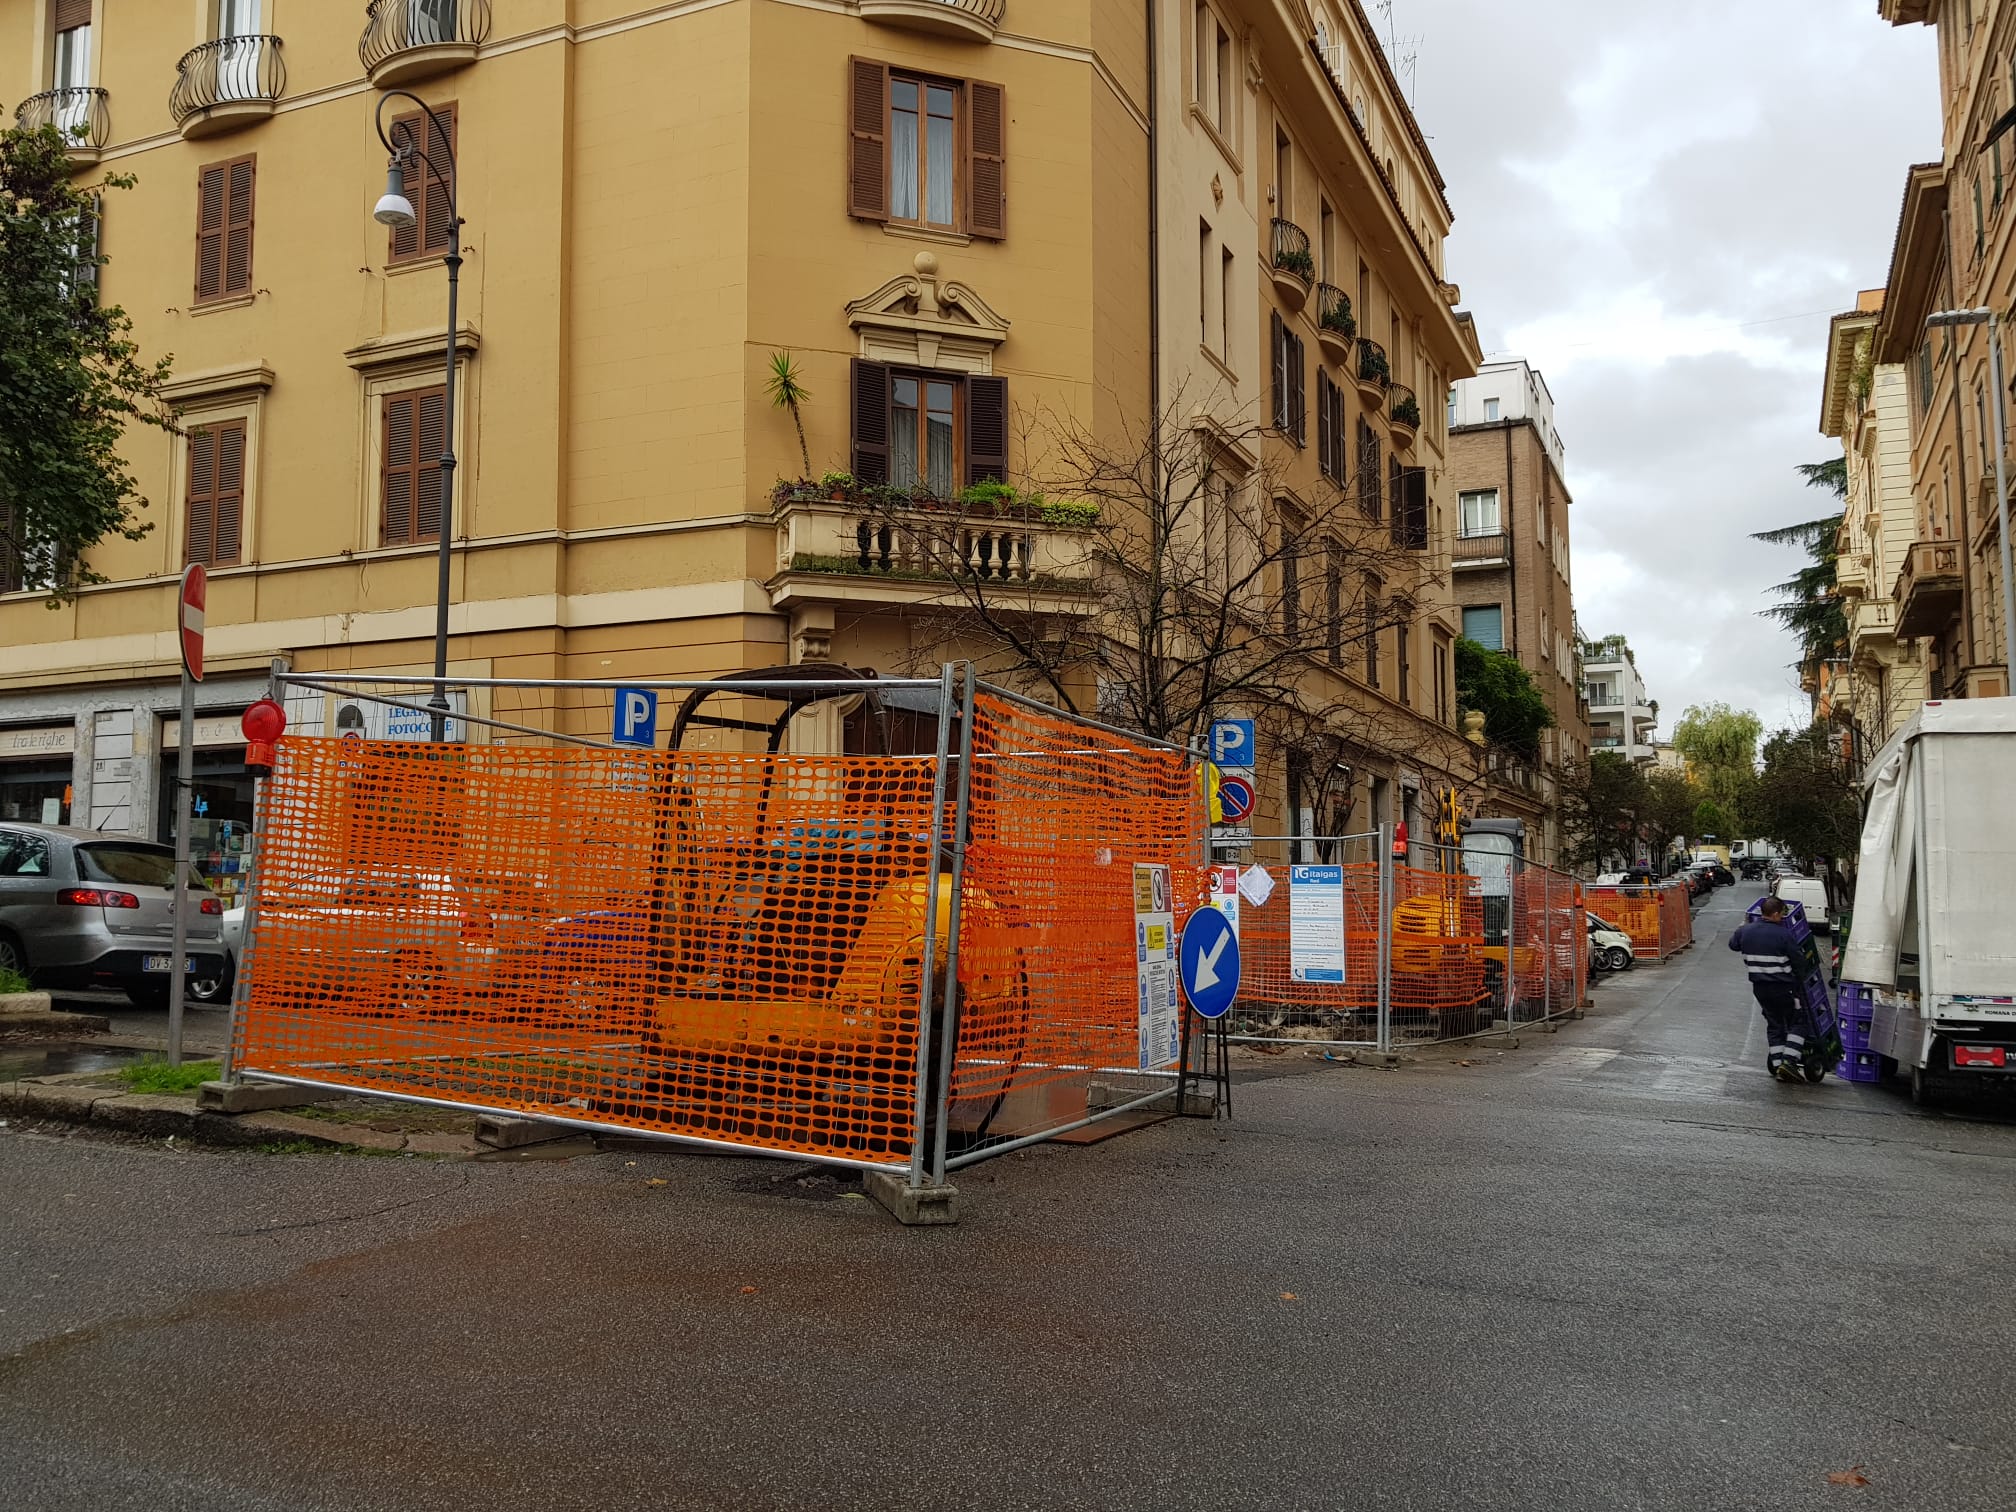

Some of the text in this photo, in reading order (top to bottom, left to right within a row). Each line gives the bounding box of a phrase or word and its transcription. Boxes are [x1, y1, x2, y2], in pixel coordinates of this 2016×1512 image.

[388, 720, 453, 735] FOTOCOE
[624, 692, 650, 737] P
[645, 730, 650, 738] 3
[1215, 724, 1245, 761] P

EXERCISE DESCRIPTION:
Could you restate each record word for word, keeping the pictures out?

WRITTEN SOLUTION:
Some of the text in this photo, in reading order (top to bottom, left to right within a row). Each line gives the bounding box of a phrase or word and its transcription. Boxes are [x1, y1, x2, y2], in pixel coordinates of this 2016×1512 image.

[388, 720, 453, 735] FOTOCOE
[624, 692, 650, 737] P
[645, 730, 650, 738] 3
[1215, 724, 1245, 761] P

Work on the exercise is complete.